== DATA RECORDS ==

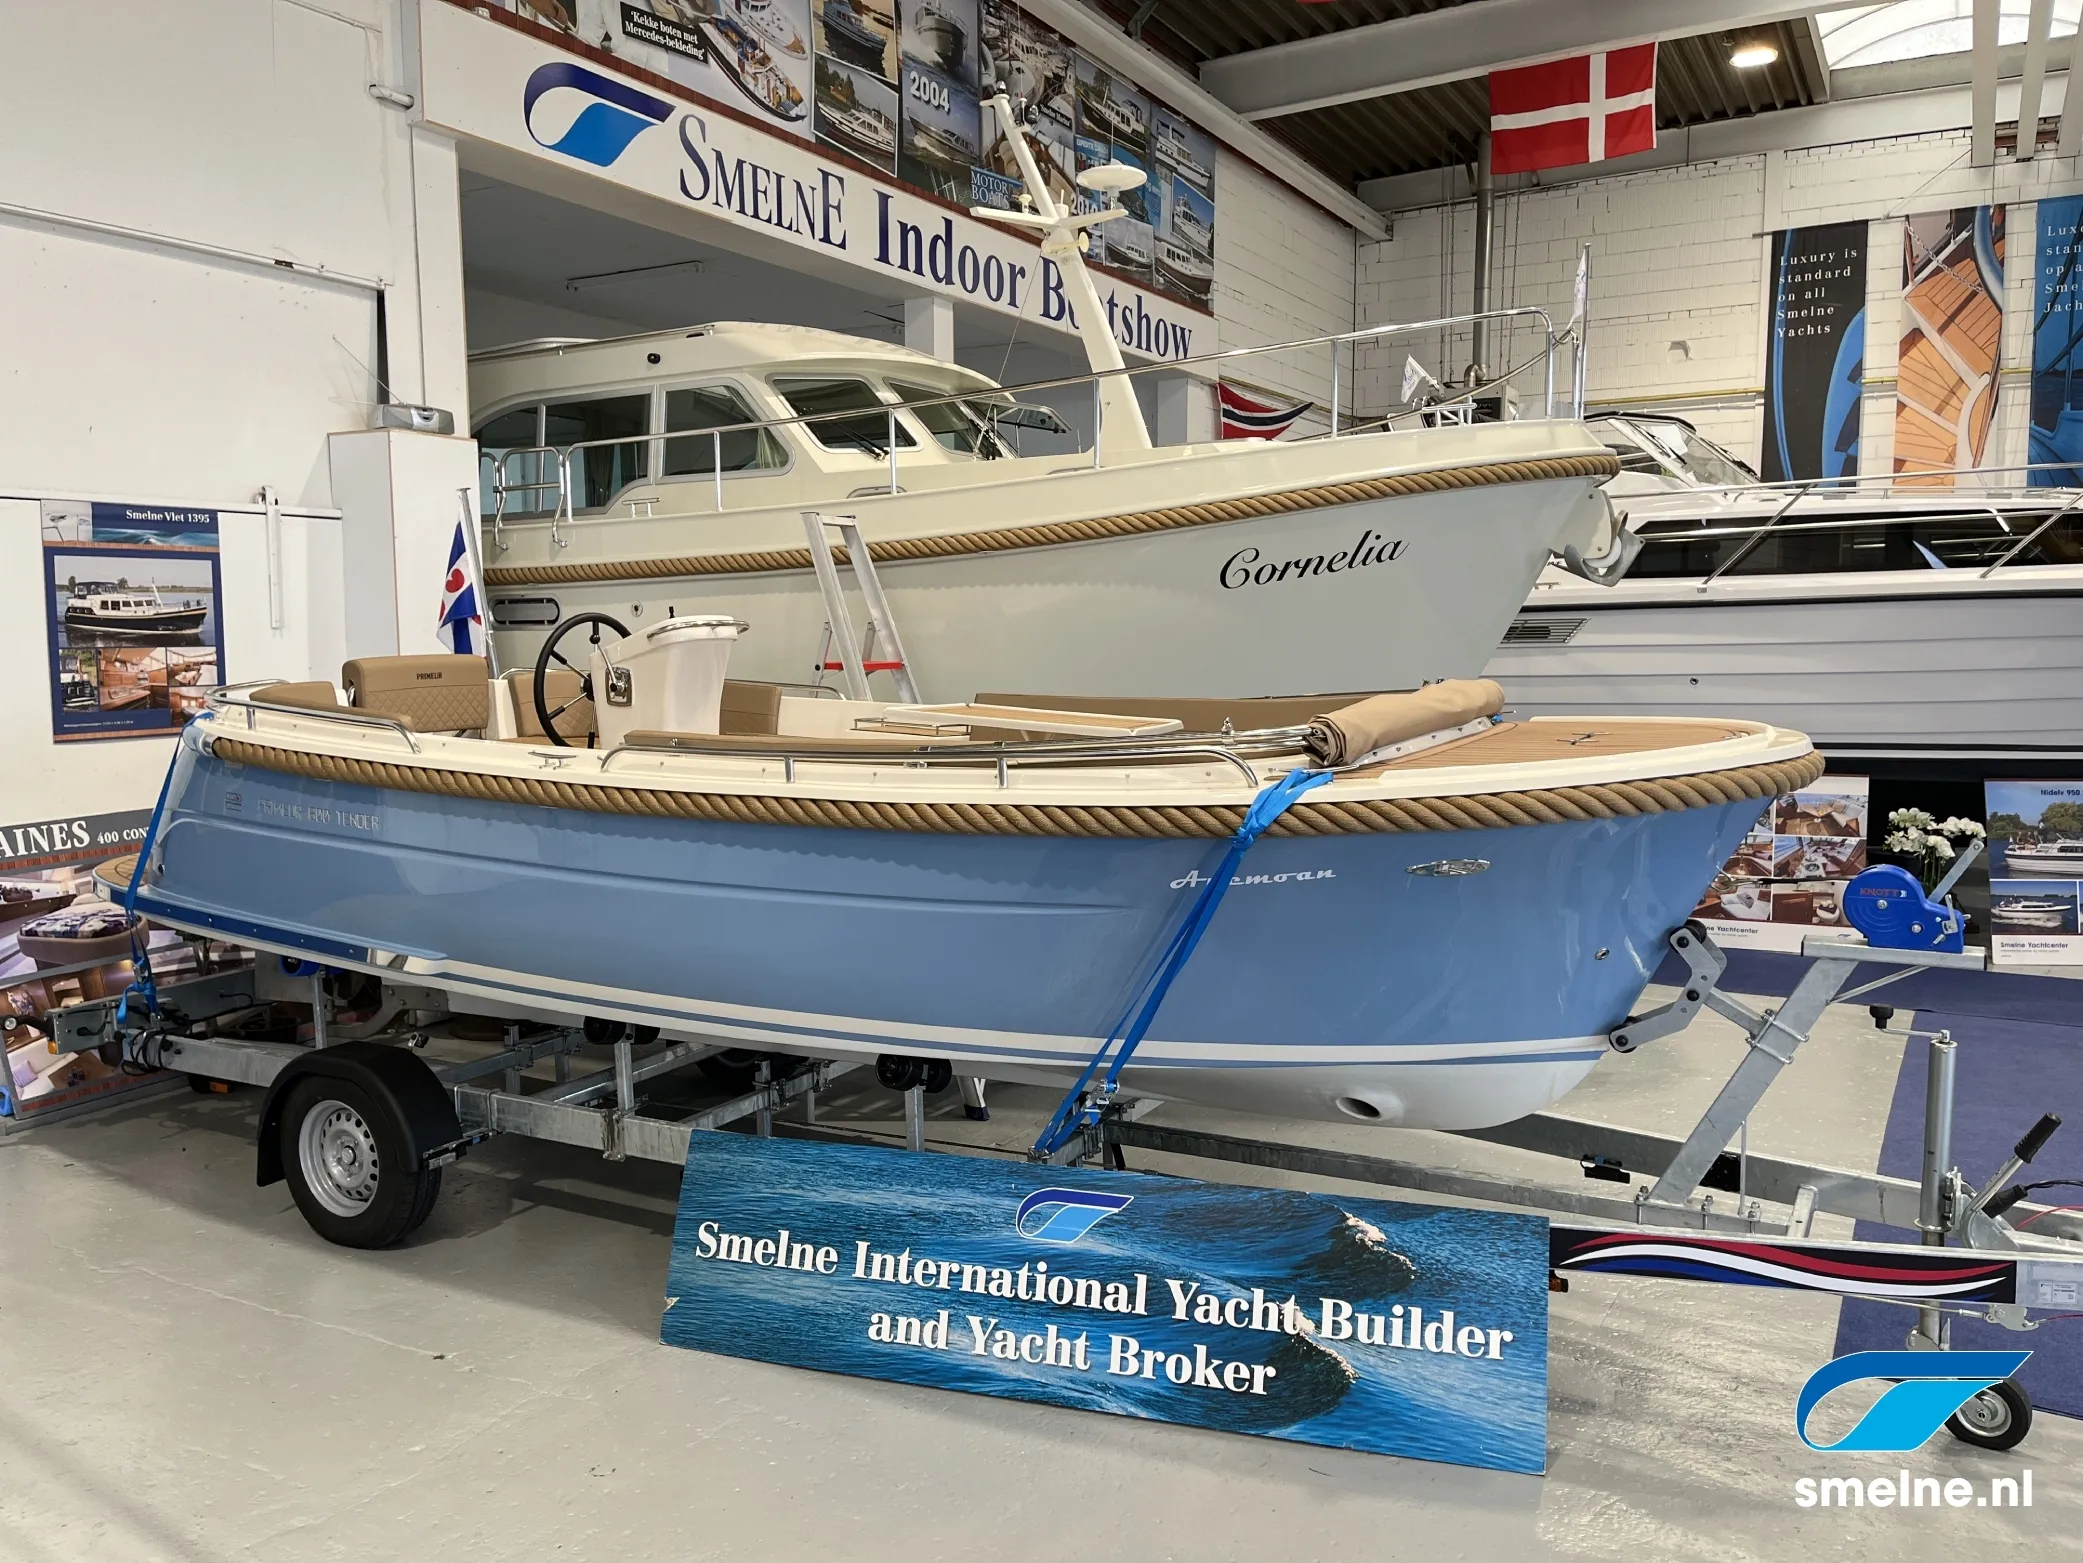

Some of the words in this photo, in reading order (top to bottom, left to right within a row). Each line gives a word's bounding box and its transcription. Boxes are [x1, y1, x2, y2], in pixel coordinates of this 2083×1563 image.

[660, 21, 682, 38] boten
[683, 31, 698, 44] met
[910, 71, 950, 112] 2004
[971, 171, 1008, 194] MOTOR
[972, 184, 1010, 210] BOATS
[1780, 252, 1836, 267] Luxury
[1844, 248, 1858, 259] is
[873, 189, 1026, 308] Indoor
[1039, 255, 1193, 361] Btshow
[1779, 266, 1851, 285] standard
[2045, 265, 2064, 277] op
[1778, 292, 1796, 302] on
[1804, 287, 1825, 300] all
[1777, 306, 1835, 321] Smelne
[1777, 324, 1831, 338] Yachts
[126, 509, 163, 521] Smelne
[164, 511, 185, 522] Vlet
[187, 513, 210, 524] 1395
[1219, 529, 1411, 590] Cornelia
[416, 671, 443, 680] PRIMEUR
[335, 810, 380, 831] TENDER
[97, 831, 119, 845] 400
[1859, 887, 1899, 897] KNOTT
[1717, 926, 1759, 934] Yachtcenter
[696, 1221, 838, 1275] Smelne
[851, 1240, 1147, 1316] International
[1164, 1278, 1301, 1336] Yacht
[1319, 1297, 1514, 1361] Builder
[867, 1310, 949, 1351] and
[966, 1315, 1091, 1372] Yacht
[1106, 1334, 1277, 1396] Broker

== ASSIGNMENT ==
Go through the listing above and quote it exactly, apart from its images.

== TASK SOLUTION ==
Some of the words in this photo, in reading order (top to bottom, left to right within a row). Each line gives a word's bounding box and its transcription. Boxes are [x1, y1, x2, y2], in pixel coordinates of this 2083×1563 image.

[660, 21, 682, 38] boten
[683, 31, 698, 44] met
[910, 71, 950, 112] 2004
[971, 171, 1008, 194] MOTOR
[972, 184, 1010, 210] BOATS
[1780, 252, 1836, 267] Luxury
[1844, 248, 1858, 259] is
[873, 189, 1026, 308] Indoor
[1039, 255, 1193, 361] Btshow
[1779, 266, 1851, 285] standard
[2045, 265, 2064, 277] op
[1778, 292, 1796, 302] on
[1804, 287, 1825, 300] all
[1777, 306, 1835, 321] Smelne
[1777, 324, 1831, 338] Yachts
[126, 509, 163, 521] Smelne
[164, 511, 185, 522] Vlet
[187, 513, 210, 524] 1395
[1219, 529, 1411, 590] Cornelia
[416, 671, 443, 680] PRIMEUR
[335, 810, 380, 831] TENDER
[97, 831, 119, 845] 400
[1859, 887, 1899, 897] KNOTT
[1717, 926, 1759, 934] Yachtcenter
[696, 1221, 838, 1275] Smelne
[851, 1240, 1147, 1316] International
[1164, 1278, 1301, 1336] Yacht
[1319, 1297, 1514, 1361] Builder
[867, 1310, 949, 1351] and
[966, 1315, 1091, 1372] Yacht
[1106, 1334, 1277, 1396] Broker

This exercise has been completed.